It was a pleasure to burn. - Ray Bradbury, Fahrenheit 451

'Cause Sadie moved like water poured
The shapes she shaped had angels floored
She knew her walk turned wind to fire
A wink from Sadie turned brains to mire"
-Tim Seibles, The Ballad of Sadie LaBabe

Sunday, May 07, 2006

a love story, part six

He began:

You don't know me, but I have watched you for eighteen years. I know as much about you as there is to know. I was hired by your father a lifetime ago. He hated that you left. It tore him up and your mother knew. Hell, everyone knew by the way he was always going on. Your mother knew why you left. She didn't blame you. She was proud of you, because you were able to stand up for yourself. And your parents knew about you, watched you through pictures. They watched the successes and failures of your life.

Your father was always on - playing the role of father to his little girl. But you weren't here. It drove your mother mad. She thought your father was delusional, living in a part of your world and you didn't know it.

I know your father hit your mother. I know he hit you. Your father continued to control your mother with force. I will not try to forgive the behaviors of his life now that he is dead. But I thought you needed to know that what happened here was not about your mother finally defending herself for a lifetime of abuse. This was not retaliation. And your mother did not give into the guilt of having killed her husband by reacting with suicide.

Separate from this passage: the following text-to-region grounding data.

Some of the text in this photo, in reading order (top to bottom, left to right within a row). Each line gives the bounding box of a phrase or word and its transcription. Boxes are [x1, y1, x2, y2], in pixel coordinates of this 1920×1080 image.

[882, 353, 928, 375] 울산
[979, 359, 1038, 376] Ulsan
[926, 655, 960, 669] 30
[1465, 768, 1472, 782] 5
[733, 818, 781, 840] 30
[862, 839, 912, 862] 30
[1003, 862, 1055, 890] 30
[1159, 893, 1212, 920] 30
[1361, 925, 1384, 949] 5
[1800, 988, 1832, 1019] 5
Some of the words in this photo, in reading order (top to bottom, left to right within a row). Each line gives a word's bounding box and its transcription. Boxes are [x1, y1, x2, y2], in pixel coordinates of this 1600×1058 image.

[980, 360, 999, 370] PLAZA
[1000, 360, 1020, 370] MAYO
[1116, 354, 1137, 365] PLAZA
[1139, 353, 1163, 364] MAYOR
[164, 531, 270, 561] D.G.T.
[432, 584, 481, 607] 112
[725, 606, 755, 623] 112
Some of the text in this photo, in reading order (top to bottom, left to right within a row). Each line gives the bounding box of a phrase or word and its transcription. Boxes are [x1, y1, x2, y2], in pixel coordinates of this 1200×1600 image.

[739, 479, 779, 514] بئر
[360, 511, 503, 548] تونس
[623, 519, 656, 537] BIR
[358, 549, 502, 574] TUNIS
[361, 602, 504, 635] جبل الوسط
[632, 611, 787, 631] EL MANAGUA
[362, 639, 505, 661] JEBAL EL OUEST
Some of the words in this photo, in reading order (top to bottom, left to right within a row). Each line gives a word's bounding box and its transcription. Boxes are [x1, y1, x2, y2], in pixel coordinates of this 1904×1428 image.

I'm your parent's attorney. I live in this town. Everyone, like you, is thinking this is what happened. But there is something else, something no one knew. You didn't know because you missed your father's expressions of both love and hate through the years.

It was a plan. Your parents won an incredible amount of money and killed themselves.

He looked at me at this point carefully. Don't make that face, he seemed to say. I thought that he must really know who I am. What my problems were. Then, he continued:

A carefully constructed plan. Do not feel guilty, this is not what they wanted. Many options were considered, but this one made the most sense to your parents. It was a plan where everyone would win. Everyone would get what they deserved. They killed themselves and left you the inheritance. It was all your father could do to help, given your current financial troubles.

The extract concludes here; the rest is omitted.